*** Block opens ***
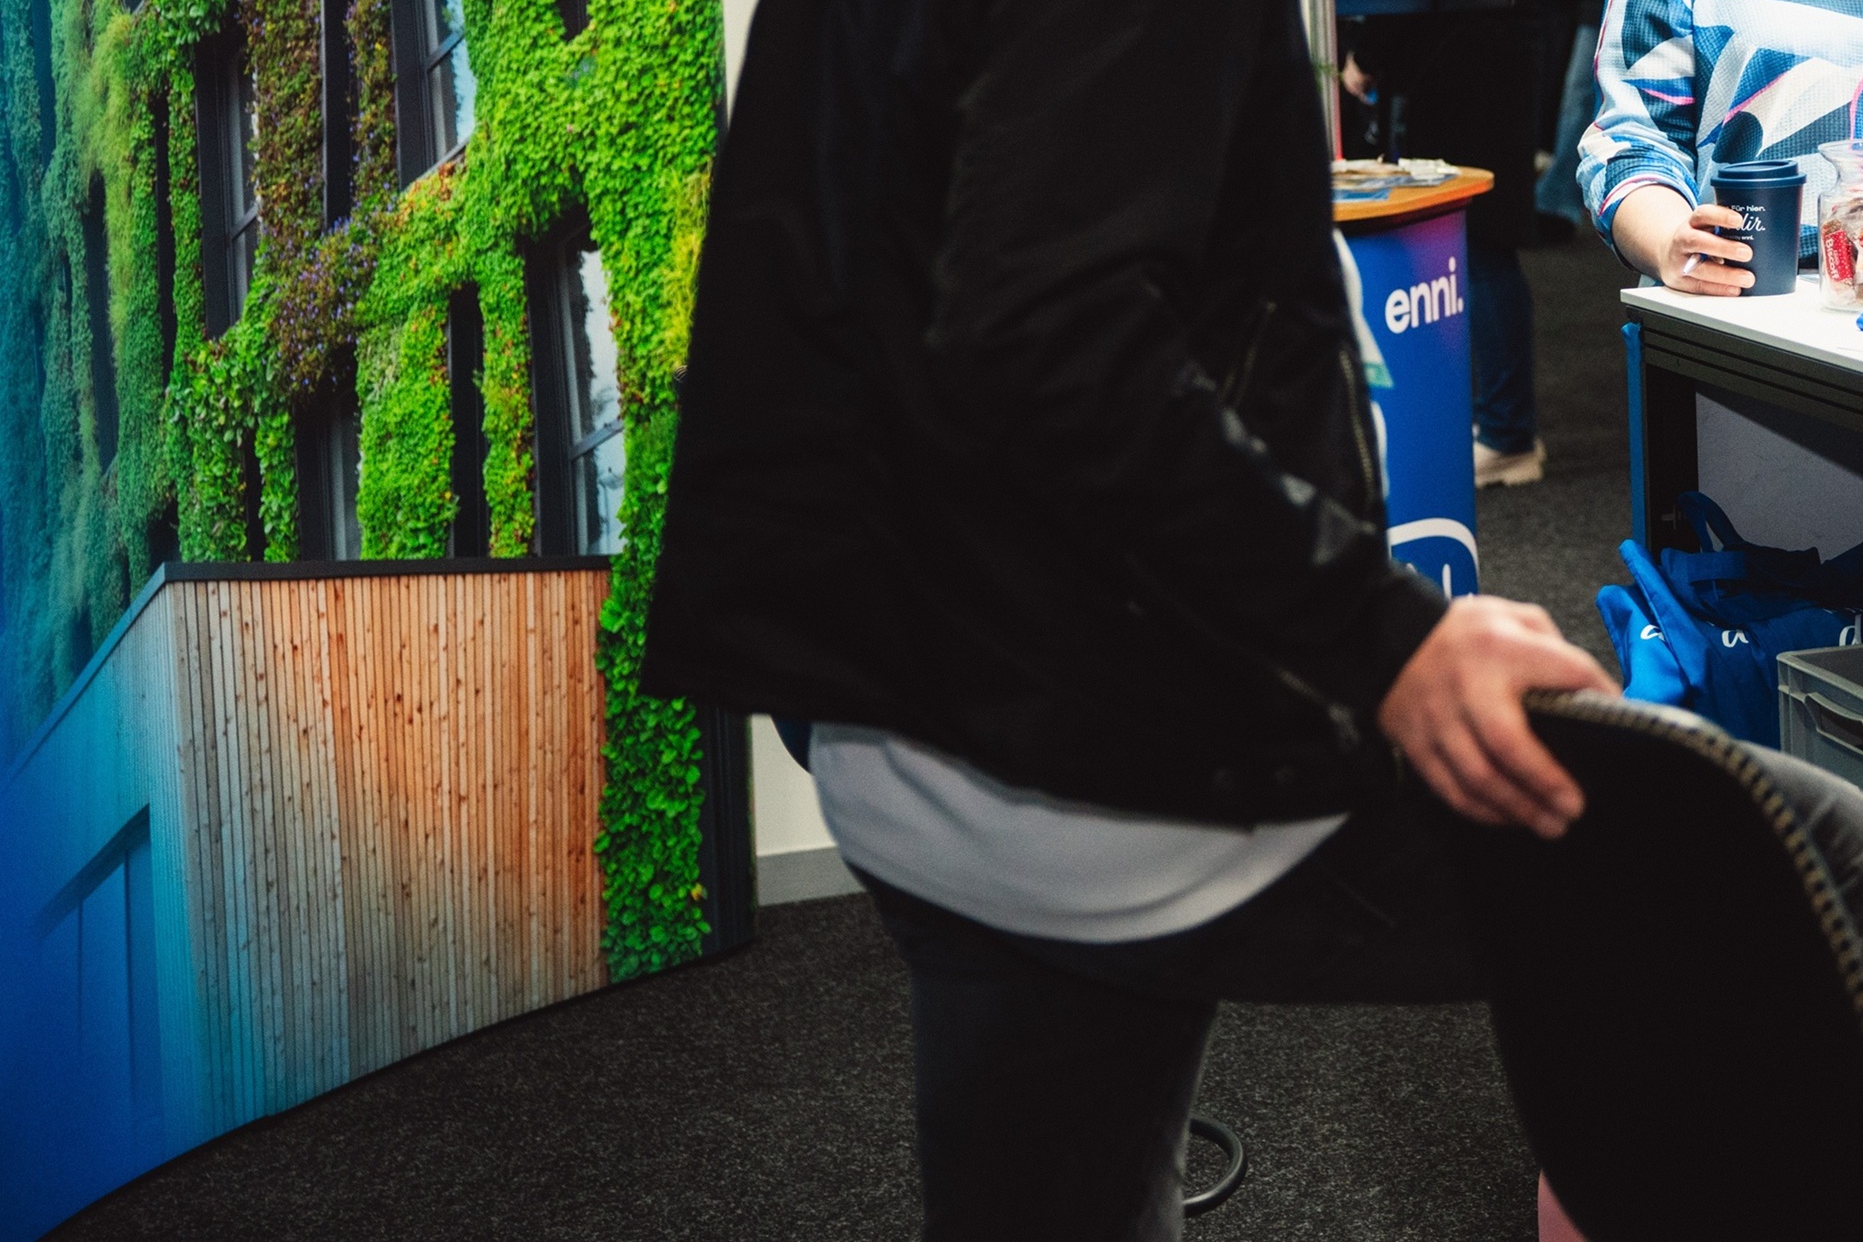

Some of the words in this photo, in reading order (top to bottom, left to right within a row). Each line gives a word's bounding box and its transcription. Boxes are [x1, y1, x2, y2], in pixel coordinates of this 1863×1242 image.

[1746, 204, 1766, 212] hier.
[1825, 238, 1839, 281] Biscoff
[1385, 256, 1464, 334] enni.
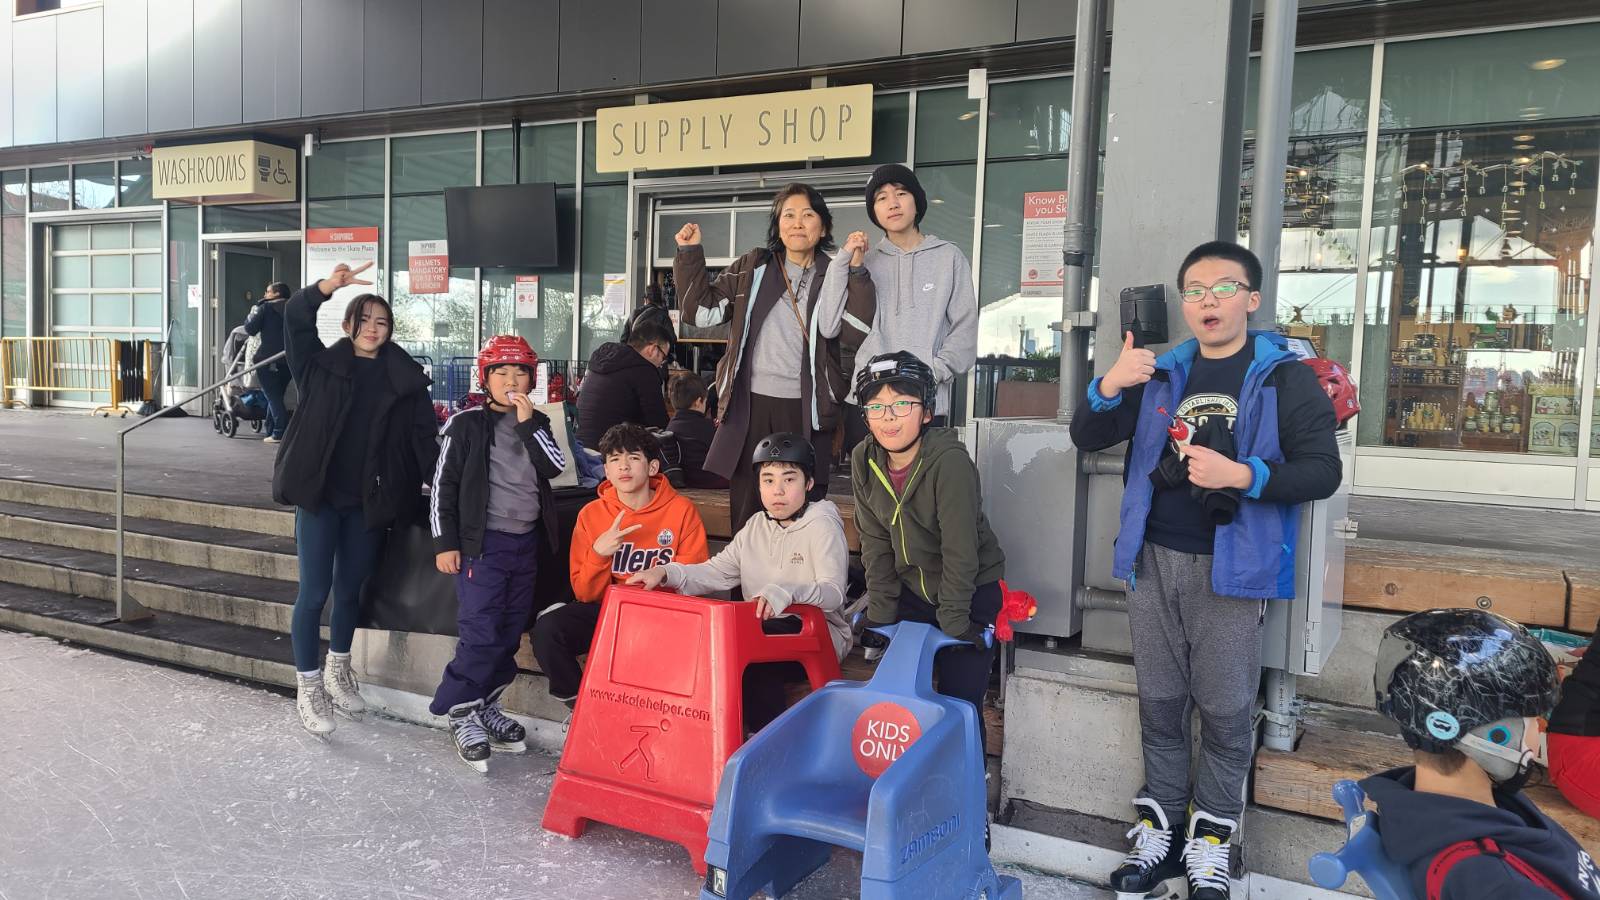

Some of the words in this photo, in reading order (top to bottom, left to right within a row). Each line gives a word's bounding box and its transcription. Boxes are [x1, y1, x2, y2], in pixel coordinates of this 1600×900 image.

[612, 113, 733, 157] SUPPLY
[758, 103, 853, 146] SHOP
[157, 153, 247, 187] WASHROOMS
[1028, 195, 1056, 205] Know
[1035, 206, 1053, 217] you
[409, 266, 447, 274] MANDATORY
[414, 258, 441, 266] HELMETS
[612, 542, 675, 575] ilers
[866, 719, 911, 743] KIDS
*** Block closes ***
Output the material above exactly, without pictures.

EXPECTED ANSWER:
Some of the words in this photo, in reading order (top to bottom, left to right within a row). Each line gives a word's bounding box and its transcription. Boxes are [x1, y1, x2, y2], in pixel coordinates of this 1863×1242 image.

[1746, 204, 1766, 212] hier.
[1825, 238, 1839, 281] Biscoff
[1385, 256, 1464, 334] enni.

Some of the words in this photo, in reading order (top to bottom, left to right within a row). Each line gives a word's bounding box and its transcription. Boxes are [x1, y1, x2, y2], in pixel coordinates of this 1600×900 image.

[612, 113, 733, 157] SUPPLY
[758, 103, 853, 146] SHOP
[157, 153, 247, 187] WASHROOMS
[1028, 195, 1056, 205] Know
[1035, 206, 1053, 217] you
[409, 266, 447, 274] MANDATORY
[414, 258, 441, 266] HELMETS
[612, 542, 675, 575] ilers
[866, 719, 911, 743] KIDS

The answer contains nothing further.